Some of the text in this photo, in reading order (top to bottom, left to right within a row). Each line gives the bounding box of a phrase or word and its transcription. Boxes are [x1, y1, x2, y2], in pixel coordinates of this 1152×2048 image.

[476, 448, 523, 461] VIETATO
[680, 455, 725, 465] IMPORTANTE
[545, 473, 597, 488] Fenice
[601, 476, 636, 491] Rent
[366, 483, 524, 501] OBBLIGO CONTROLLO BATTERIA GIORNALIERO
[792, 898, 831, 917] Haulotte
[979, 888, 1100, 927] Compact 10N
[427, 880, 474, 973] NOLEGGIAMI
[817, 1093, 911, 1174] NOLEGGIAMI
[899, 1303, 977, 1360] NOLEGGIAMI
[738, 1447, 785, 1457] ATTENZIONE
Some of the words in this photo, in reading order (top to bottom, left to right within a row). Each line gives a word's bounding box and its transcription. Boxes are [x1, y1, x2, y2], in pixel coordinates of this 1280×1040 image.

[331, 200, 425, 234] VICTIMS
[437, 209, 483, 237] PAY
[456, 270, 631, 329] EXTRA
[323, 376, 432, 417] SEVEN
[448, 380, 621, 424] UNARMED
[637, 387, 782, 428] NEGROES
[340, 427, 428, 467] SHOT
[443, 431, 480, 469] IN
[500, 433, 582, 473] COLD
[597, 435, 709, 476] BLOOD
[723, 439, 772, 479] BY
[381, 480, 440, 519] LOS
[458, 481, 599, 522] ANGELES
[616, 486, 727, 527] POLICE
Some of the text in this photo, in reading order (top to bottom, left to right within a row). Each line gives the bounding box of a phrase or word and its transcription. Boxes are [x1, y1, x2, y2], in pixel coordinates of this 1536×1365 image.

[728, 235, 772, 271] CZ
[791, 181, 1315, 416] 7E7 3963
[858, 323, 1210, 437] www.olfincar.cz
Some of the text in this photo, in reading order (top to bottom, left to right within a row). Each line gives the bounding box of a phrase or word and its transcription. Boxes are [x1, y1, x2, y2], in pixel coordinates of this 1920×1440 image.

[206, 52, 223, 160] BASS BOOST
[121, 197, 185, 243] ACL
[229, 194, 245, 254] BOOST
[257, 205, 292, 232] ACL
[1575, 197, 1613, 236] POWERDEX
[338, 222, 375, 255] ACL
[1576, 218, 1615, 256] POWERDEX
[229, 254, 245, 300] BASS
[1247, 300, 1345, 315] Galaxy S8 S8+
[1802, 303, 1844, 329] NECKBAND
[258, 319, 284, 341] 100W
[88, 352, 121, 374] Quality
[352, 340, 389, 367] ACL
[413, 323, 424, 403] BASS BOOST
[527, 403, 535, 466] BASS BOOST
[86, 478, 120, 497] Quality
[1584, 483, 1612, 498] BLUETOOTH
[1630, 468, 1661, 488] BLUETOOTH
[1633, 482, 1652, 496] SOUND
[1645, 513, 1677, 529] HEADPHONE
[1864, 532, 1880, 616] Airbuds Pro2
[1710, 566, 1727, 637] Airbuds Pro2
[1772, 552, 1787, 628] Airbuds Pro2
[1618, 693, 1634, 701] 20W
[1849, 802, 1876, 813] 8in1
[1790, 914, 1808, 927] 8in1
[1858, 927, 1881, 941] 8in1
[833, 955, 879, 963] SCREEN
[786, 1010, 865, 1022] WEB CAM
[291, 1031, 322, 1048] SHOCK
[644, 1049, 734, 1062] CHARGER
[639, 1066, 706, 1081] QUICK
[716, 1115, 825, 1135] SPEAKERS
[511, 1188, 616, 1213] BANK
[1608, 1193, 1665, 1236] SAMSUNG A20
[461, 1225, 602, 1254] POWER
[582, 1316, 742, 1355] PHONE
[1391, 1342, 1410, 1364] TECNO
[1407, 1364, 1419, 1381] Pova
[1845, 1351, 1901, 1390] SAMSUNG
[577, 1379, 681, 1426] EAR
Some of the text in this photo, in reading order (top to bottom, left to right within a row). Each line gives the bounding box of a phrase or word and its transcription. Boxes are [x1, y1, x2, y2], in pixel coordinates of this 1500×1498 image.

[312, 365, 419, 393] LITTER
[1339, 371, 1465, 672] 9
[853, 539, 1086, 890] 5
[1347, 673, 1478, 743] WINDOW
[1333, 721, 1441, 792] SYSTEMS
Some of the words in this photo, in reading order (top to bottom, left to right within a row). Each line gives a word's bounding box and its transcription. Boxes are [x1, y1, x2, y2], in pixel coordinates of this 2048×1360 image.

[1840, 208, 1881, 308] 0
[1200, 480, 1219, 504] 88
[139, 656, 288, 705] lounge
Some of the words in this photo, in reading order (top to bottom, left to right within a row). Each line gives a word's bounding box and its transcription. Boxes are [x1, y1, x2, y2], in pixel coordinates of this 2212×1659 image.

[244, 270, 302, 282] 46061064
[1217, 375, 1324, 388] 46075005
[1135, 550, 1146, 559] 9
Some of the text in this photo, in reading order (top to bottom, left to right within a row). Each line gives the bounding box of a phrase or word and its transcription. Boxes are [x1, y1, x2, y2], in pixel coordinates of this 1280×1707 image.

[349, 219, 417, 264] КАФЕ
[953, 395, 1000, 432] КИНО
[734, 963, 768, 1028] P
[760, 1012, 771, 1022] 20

_Requirement_
Each line of the material is to be returned precisely as written.

_Written answer_
Some of the text in this photo, in reading order (top to bottom, left to right within a row). Each line gives the bounding box of a phrase or word and its transcription. Boxes are [x1, y1, x2, y2], in pixel coordinates of this 1152×2048 image.

[476, 448, 523, 461] VIETATO
[680, 455, 725, 465] IMPORTANTE
[545, 473, 597, 488] Fenice
[601, 476, 636, 491] Rent
[366, 483, 524, 501] OBBLIGO CONTROLLO BATTERIA GIORNALIERO
[792, 898, 831, 917] Haulotte
[979, 888, 1100, 927] Compact 10N
[427, 880, 474, 973] NOLEGGIAMI
[817, 1093, 911, 1174] NOLEGGIAMI
[899, 1303, 977, 1360] NOLEGGIAMI
[738, 1447, 785, 1457] ATTENZIONE
Some of the words in this photo, in reading order (top to bottom, left to right within a row). Each line gives a word's bounding box and its transcription. Boxes are [x1, y1, x2, y2], in pixel coordinates of this 1280×1040 image.

[331, 200, 425, 234] VICTIMS
[437, 209, 483, 237] PAY
[456, 270, 631, 329] EXTRA
[323, 376, 432, 417] SEVEN
[448, 380, 621, 424] UNARMED
[637, 387, 782, 428] NEGROES
[340, 427, 428, 467] SHOT
[443, 431, 480, 469] IN
[500, 433, 582, 473] COLD
[597, 435, 709, 476] BLOOD
[723, 439, 772, 479] BY
[381, 480, 440, 519] LOS
[458, 481, 599, 522] ANGELES
[616, 486, 727, 527] POLICE
Some of the text in this photo, in reading order (top to bottom, left to right within a row). Each line gives the bounding box of a phrase or word and its transcription. Boxes are [x1, y1, x2, y2], in pixel coordinates of this 1536×1365 image.

[728, 235, 772, 271] CZ
[791, 181, 1315, 416] 7E7 3963
[858, 323, 1210, 437] www.olfincar.cz
Some of the text in this photo, in reading order (top to bottom, left to right within a row). Each line gives the bounding box of a phrase or word and its transcription. Boxes are [x1, y1, x2, y2], in pixel coordinates of this 1920×1440 image.

[206, 52, 223, 160] BASS BOOST
[121, 197, 185, 243] ACL
[229, 194, 245, 254] BOOST
[257, 205, 292, 232] ACL
[1575, 197, 1613, 236] POWERDEX
[338, 222, 375, 255] ACL
[1576, 218, 1615, 256] POWERDEX
[229, 254, 245, 300] BASS
[1247, 300, 1345, 315] Galaxy S8 S8+
[1802, 303, 1844, 329] NECKBAND
[258, 319, 284, 341] 100W
[88, 352, 121, 374] Quality
[352, 340, 389, 367] ACL
[413, 323, 424, 403] BASS BOOST
[527, 403, 535, 466] BASS BOOST
[86, 478, 120, 497] Quality
[1584, 483, 1612, 498] BLUETOOTH
[1630, 468, 1661, 488] BLUETOOTH
[1633, 482, 1652, 496] SOUND
[1645, 513, 1677, 529] HEADPHONE
[1864, 532, 1880, 616] Airbuds Pro2
[1710, 566, 1727, 637] Airbuds Pro2
[1772, 552, 1787, 628] Airbuds Pro2
[1618, 693, 1634, 701] 20W
[1849, 802, 1876, 813] 8in1
[1790, 914, 1808, 927] 8in1
[1858, 927, 1881, 941] 8in1
[833, 955, 879, 963] SCREEN
[786, 1010, 865, 1022] WEB CAM
[291, 1031, 322, 1048] SHOCK
[644, 1049, 734, 1062] CHARGER
[639, 1066, 706, 1081] QUICK
[716, 1115, 825, 1135] SPEAKERS
[511, 1188, 616, 1213] BANK
[1608, 1193, 1665, 1236] SAMSUNG A20
[461, 1225, 602, 1254] POWER
[582, 1316, 742, 1355] PHONE
[1391, 1342, 1410, 1364] TECNO
[1407, 1364, 1419, 1381] Pova
[1845, 1351, 1901, 1390] SAMSUNG
[577, 1379, 681, 1426] EAR
Some of the text in this photo, in reading order (top to bottom, left to right within a row). Each line gives the bounding box of a phrase or word and its transcription. Boxes are [x1, y1, x2, y2], in pixel coordinates of this 1500×1498 image.

[312, 365, 419, 393] LITTER
[1339, 371, 1465, 672] 9
[853, 539, 1086, 890] 5
[1347, 673, 1478, 743] WINDOW
[1333, 721, 1441, 792] SYSTEMS
Some of the words in this photo, in reading order (top to bottom, left to right within a row). Each line gives a word's bounding box and its transcription. Boxes are [x1, y1, x2, y2], in pixel coordinates of this 2048×1360 image.

[1840, 208, 1881, 308] 0
[1200, 480, 1219, 504] 88
[139, 656, 288, 705] lounge
Some of the words in this photo, in reading order (top to bottom, left to right within a row). Each line gives a word's bounding box and its transcription. Boxes are [x1, y1, x2, y2], in pixel coordinates of this 2212×1659 image.

[244, 270, 302, 282] 46061064
[1217, 375, 1324, 388] 46075005
[1135, 550, 1146, 559] 9
Some of the text in this photo, in reading order (top to bottom, left to right within a row). Each line gives the bounding box of a phrase or word and its transcription. Boxes are [x1, y1, x2, y2], in pixel coordinates of this 1280×1707 image.

[349, 219, 417, 264] КАФЕ
[953, 395, 1000, 432] КИНО
[734, 963, 768, 1028] P
[760, 1012, 771, 1022] 20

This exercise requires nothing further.